*** Begin section ***

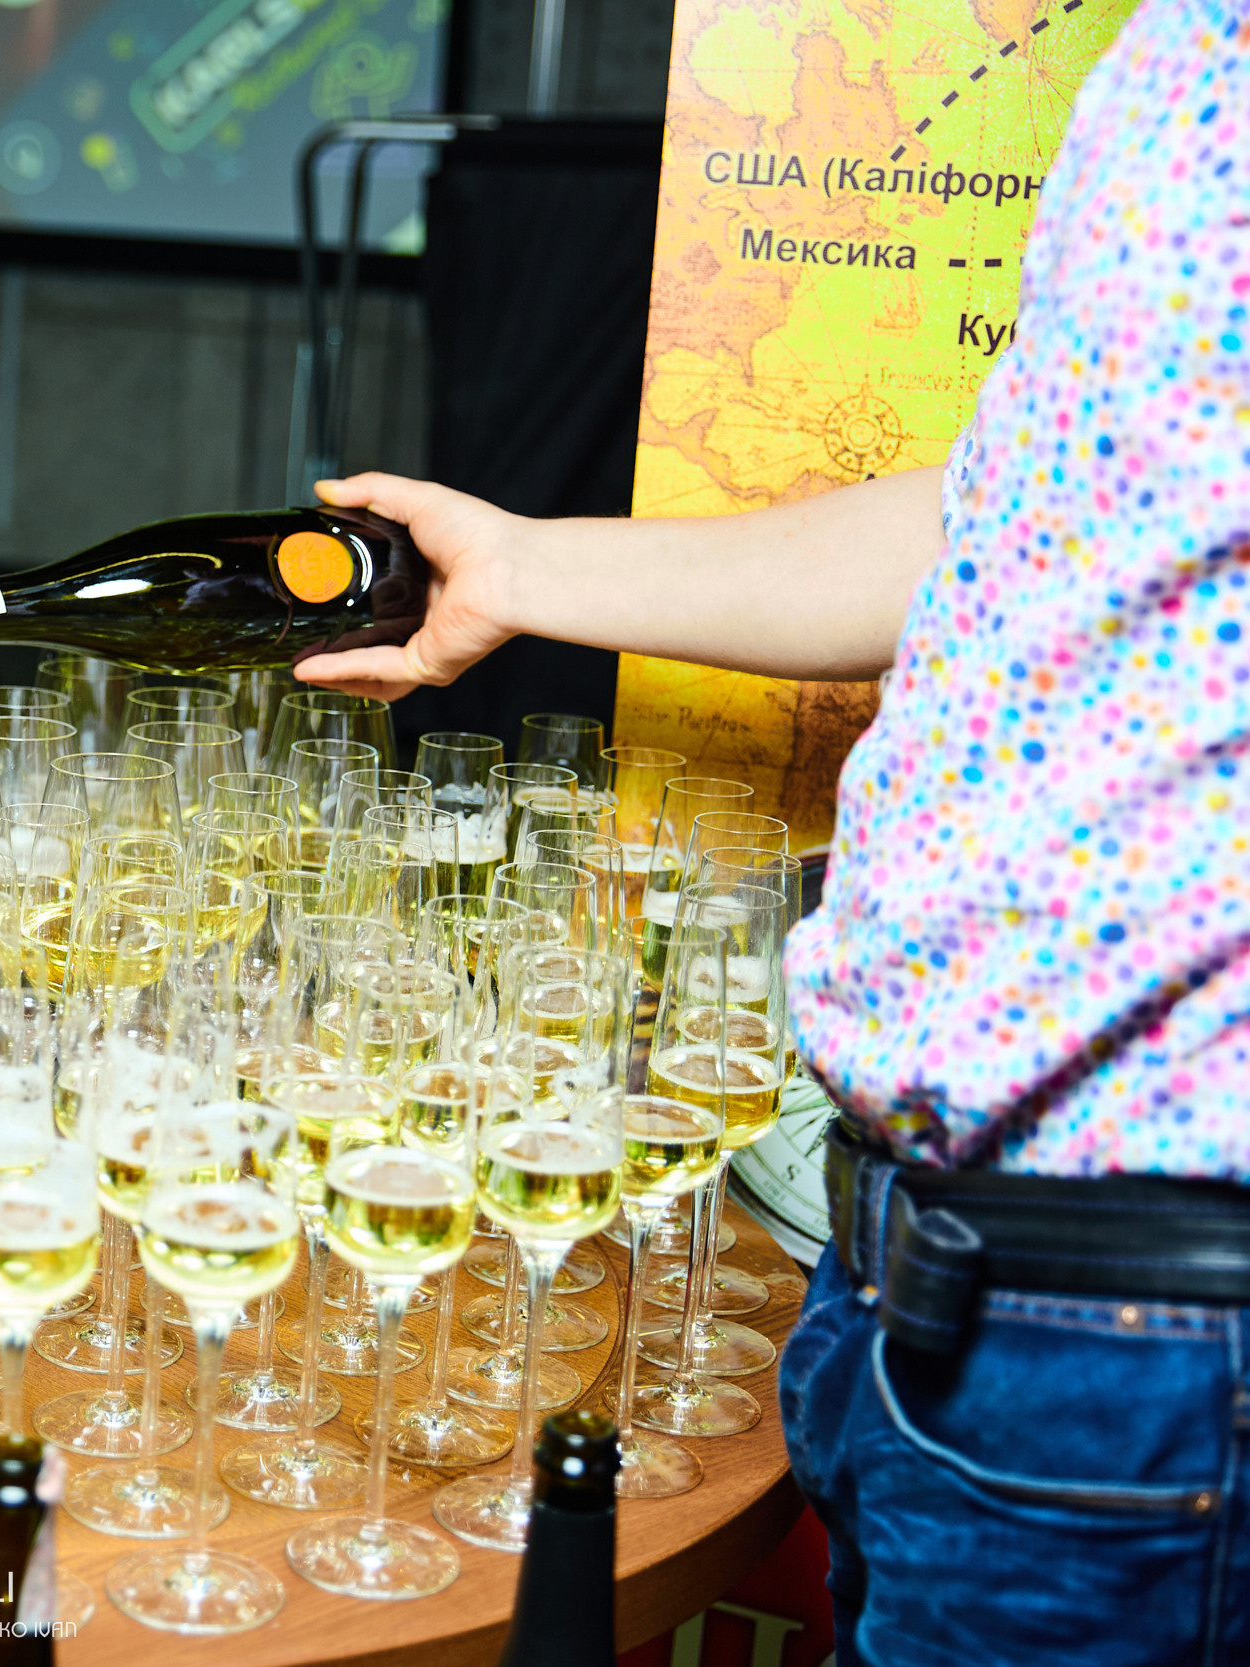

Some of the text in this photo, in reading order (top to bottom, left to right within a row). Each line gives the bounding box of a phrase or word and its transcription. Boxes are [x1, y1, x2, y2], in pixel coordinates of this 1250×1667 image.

*** End section ***
*** Begin section ***

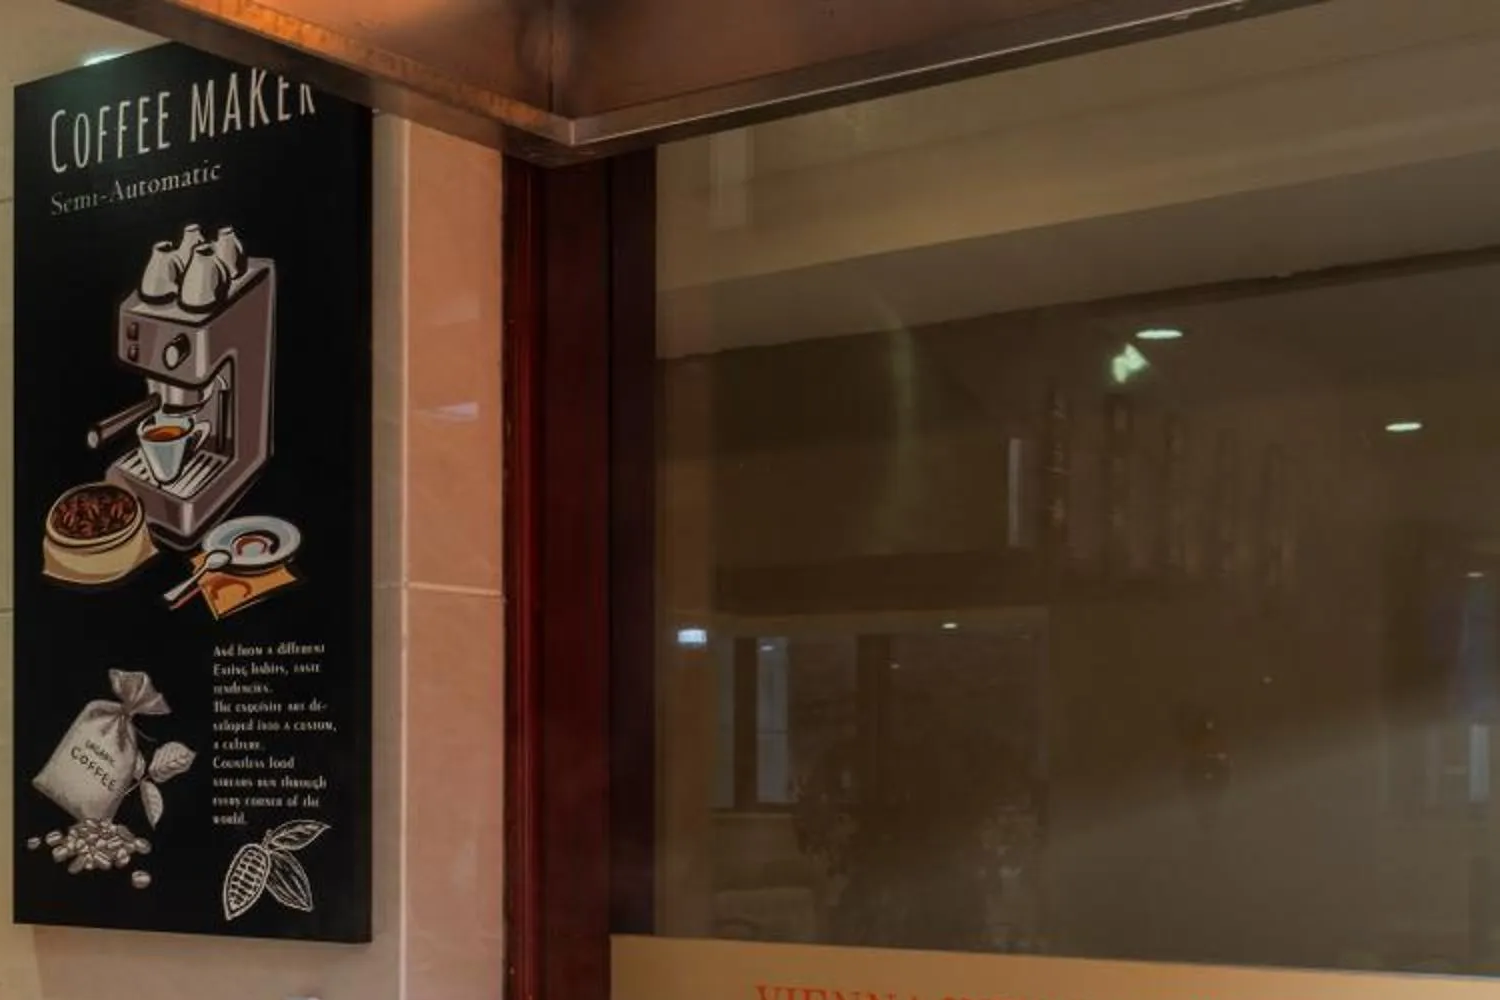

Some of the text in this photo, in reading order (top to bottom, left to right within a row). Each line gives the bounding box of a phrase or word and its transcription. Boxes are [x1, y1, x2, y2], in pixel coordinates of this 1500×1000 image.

*** End section ***
*** Begin section ***

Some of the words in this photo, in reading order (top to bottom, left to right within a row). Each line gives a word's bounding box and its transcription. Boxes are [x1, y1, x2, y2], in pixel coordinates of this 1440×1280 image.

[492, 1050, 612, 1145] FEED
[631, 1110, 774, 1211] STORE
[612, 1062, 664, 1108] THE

*** End section ***

> **About this exercise**: Copy out every line of the data that includes "phrase".

> **Solution for this problem**:
Some of the text in this photo, in reading order (top to bottom, left to right within a row). Each line gives the bounding box of a phrase or word and its transcription. Boxes are [x1, y1, x2, y2], in pixel coordinates of this 1250×1667 image.
Some of the text in this photo, in reading order (top to bottom, left to right within a row). Each line gives the bounding box of a phrase or word and its transcription. Boxes are [x1, y1, x2, y2], in pixel coordinates of this 1500×1000 image.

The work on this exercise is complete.